ENTRIES PROVIDED START

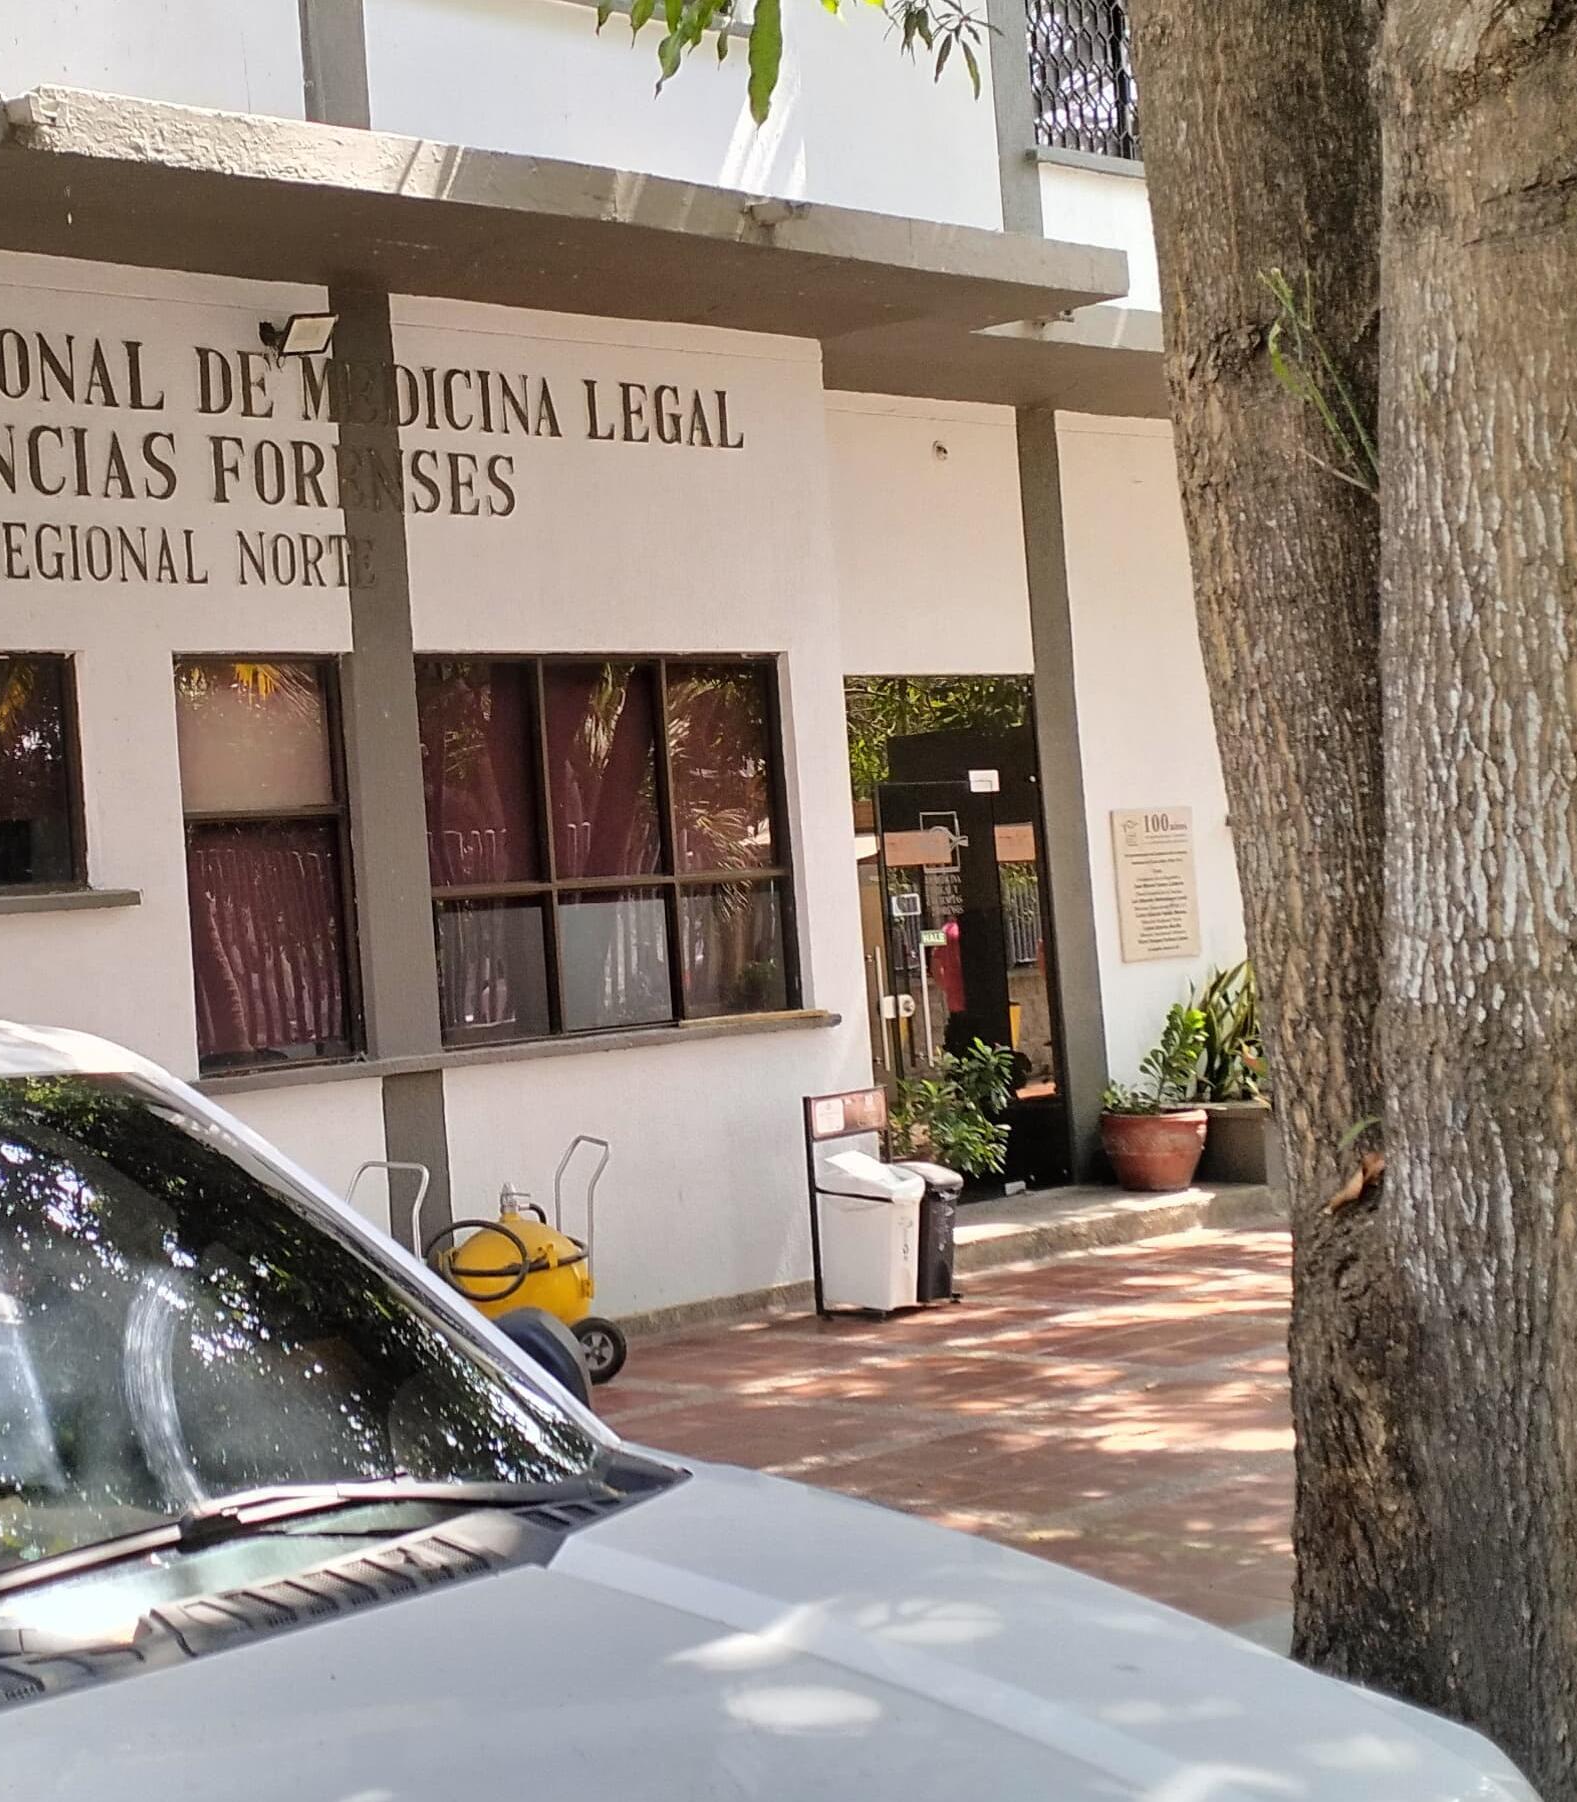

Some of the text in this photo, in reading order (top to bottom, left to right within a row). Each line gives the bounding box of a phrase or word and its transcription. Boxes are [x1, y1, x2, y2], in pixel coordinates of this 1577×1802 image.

[196, 345, 275, 421] DE
[301, 355, 563, 439] MEDICINA
[582, 378, 746, 450] LEGAL
[208, 434, 517, 518] FORENSES
[236, 529, 377, 590] NORTE
[1144, 813, 1169, 833] 100
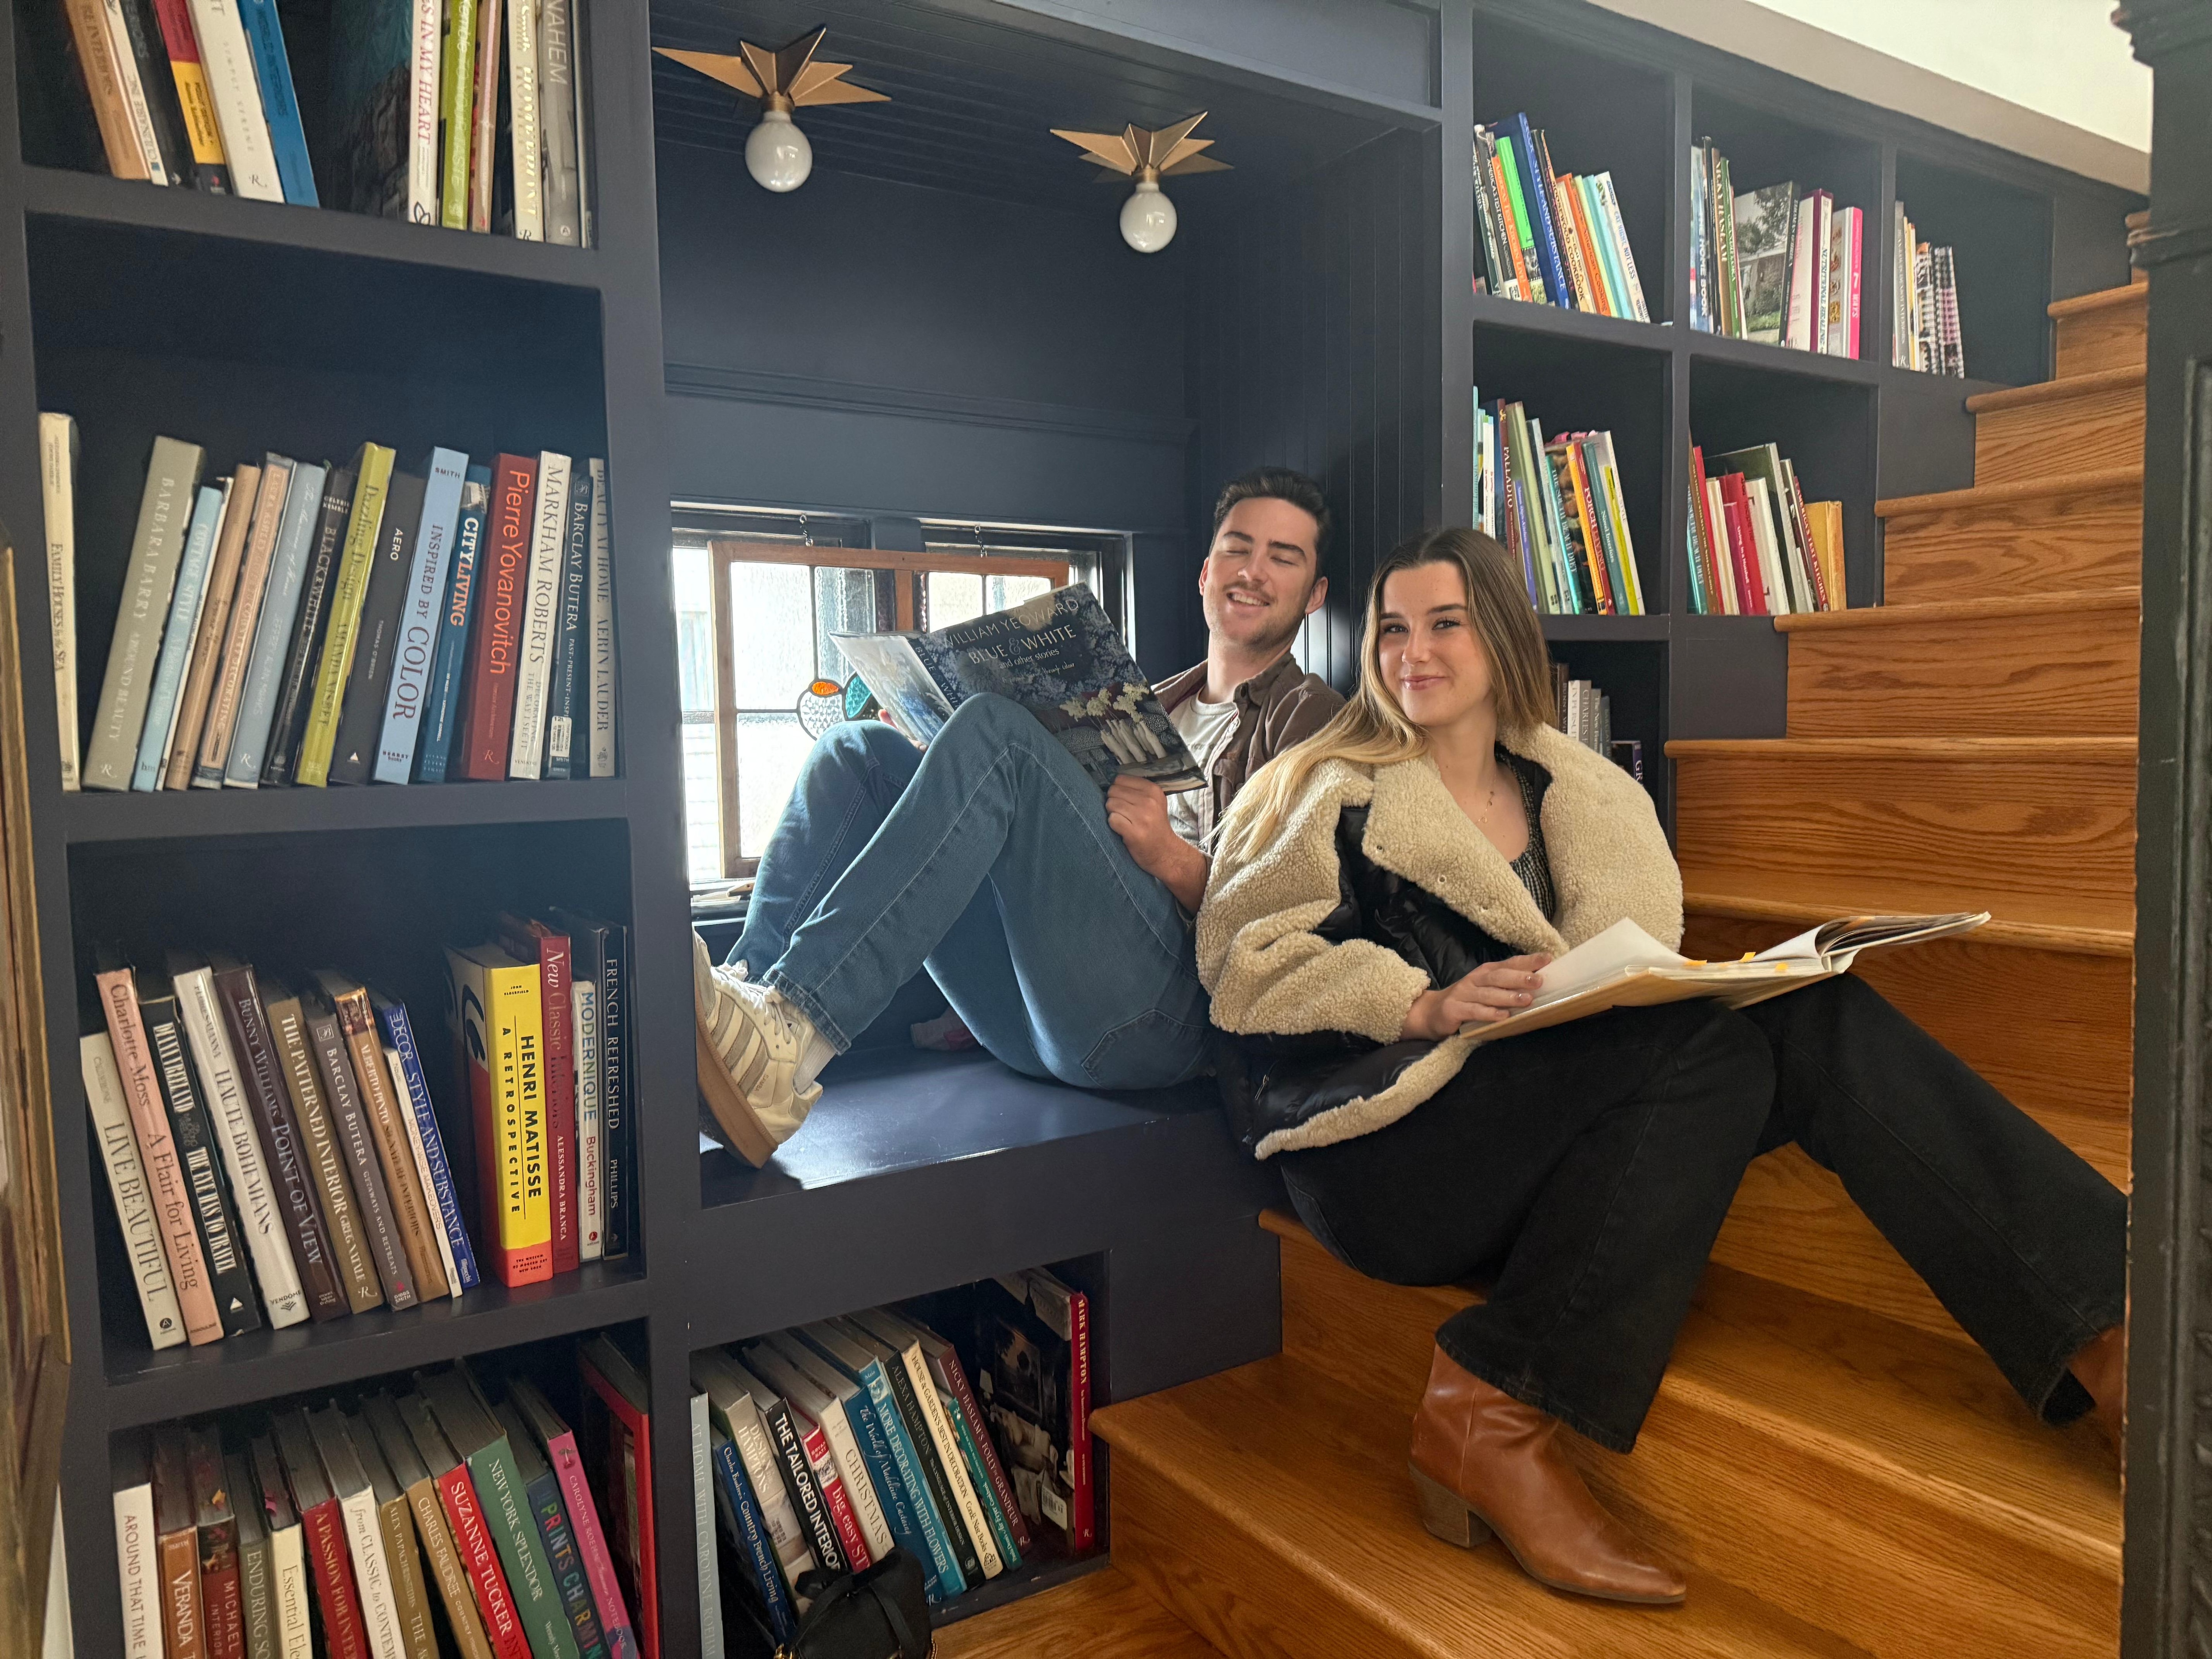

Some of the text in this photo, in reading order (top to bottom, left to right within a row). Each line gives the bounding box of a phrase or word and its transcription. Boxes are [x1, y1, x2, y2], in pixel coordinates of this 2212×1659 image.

[418, 20, 434, 144] IN MY HEART
[1495, 212, 1509, 244] KITCHEN
[1565, 246, 1586, 300] COOKBOOK
[1626, 261, 1636, 280] LESS
[1699, 278, 1708, 316] BOOK
[435, 467, 460, 479] SMITH
[1502, 445, 1512, 507] PALLADIO
[1584, 486, 1599, 528] PORCH
[131, 476, 175, 620] BARBARA BARRY
[316, 525, 337, 575] BLACK
[341, 484, 380, 603] Dazzling Design
[388, 527, 405, 562] AERO
[490, 471, 529, 673] Pierre Yovanovitch
[530, 467, 562, 662] MARKHAM ROBERTS
[566, 502, 588, 630] BARCLAY BUTERA
[1600, 509, 1616, 563] Novel Interiors
[1812, 560, 1827, 602] KITCHEN
[393, 526, 442, 718] INSPIRED BY COLOR
[595, 556, 608, 732] HOME LAUDER
[915, 646, 936, 672] BLUE
[968, 624, 1077, 664] BLUE & WHITE
[1000, 599, 1079, 632] YEOWARD
[1000, 648, 1060, 670] and other stories
[1581, 689, 1590, 735] CHARLES
[111, 981, 155, 1106] Charlotte Moss
[237, 998, 259, 1045] BUNNY
[547, 949, 566, 1049] New Classic
[282, 1014, 349, 1216] THE PATTERNED INTERIOR
[326, 1046, 366, 1165] BARCLAY BUTERA
[372, 1091, 389, 1125] PINTO
[501, 1027, 520, 1214] A RETROSPECTIVE
[519, 1035, 542, 1198] HENRI MATISSE
[580, 992, 596, 1216] MODERNIQUE Buckingham
[606, 959, 620, 1208] FRENCH REFRESHED PHILLIPS
[754, 1073, 770, 1093] SAMBA
[215, 1069, 272, 1233] HAUTE BOHEMIANS
[272, 1122, 326, 1267] POINT OF VIEW
[404, 1072, 464, 1244] STYLE AND SUBSTANCE
[405, 1117, 446, 1228] MONEY-WISE MAKEOVERS
[556, 1135, 567, 1240] ALESSANDRA BRANCA
[104, 1123, 166, 1300] LIVE BEAUTIFUL
[148, 1131, 205, 1290] A Flair for Living
[338, 1214, 366, 1283] GREG NATALE
[375, 1214, 386, 1234] AND
[395, 1294, 411, 1305] SMITH
[1077, 1298, 1087, 1329] MARK
[1078, 1331, 1088, 1383] HAMPTON
[892, 1366, 934, 1454] ALEXA HAMPTON
[910, 1355, 926, 1382] HOUSE
[944, 1442, 951, 1453] IN
[949, 1360, 1018, 1526] NICKY HASLAM'S FOLLY GRANDEUR
[570, 1475, 590, 1523] CAROLYNE
[775, 1413, 819, 1513] THE TAILORED
[846, 1449, 886, 1543] CHRISTMAS
[866, 1423, 901, 1499] World Madeleine
[875, 1402, 949, 1575] MORE DECORATING WITH FLOWERS
[350, 1509, 381, 1589] from CLASSIC
[416, 1498, 463, 1598] CHARLES FAUDREE
[489, 1459, 545, 1602] NEW YORK SPLENDOR
[541, 1505, 573, 1566] PRINTS
[691, 1423, 711, 1603] AT CAROLYNE
[738, 1501, 780, 1601] Country French Living
[840, 1515, 857, 1543] easy
[972, 1519, 988, 1551] Nast Books
[122, 1514, 147, 1650] AROUND THAT TIME
[247, 1550, 268, 1637] ENDURING
[283, 1565, 303, 1630] Essential
[317, 1523, 350, 1618] PASSION FOR
[451, 1482, 511, 1636] SUZANNE TUCKER
[172, 1569, 195, 1647] VERANDA
[222, 1581, 243, 1651] MICHAEL

ENTRIES PROVIDED END

▶ _EXERCISE DETAILS_
How many lines of the listing above carry the string "CHARLES"? Report that number with no other text.

▶ _RESULT_
2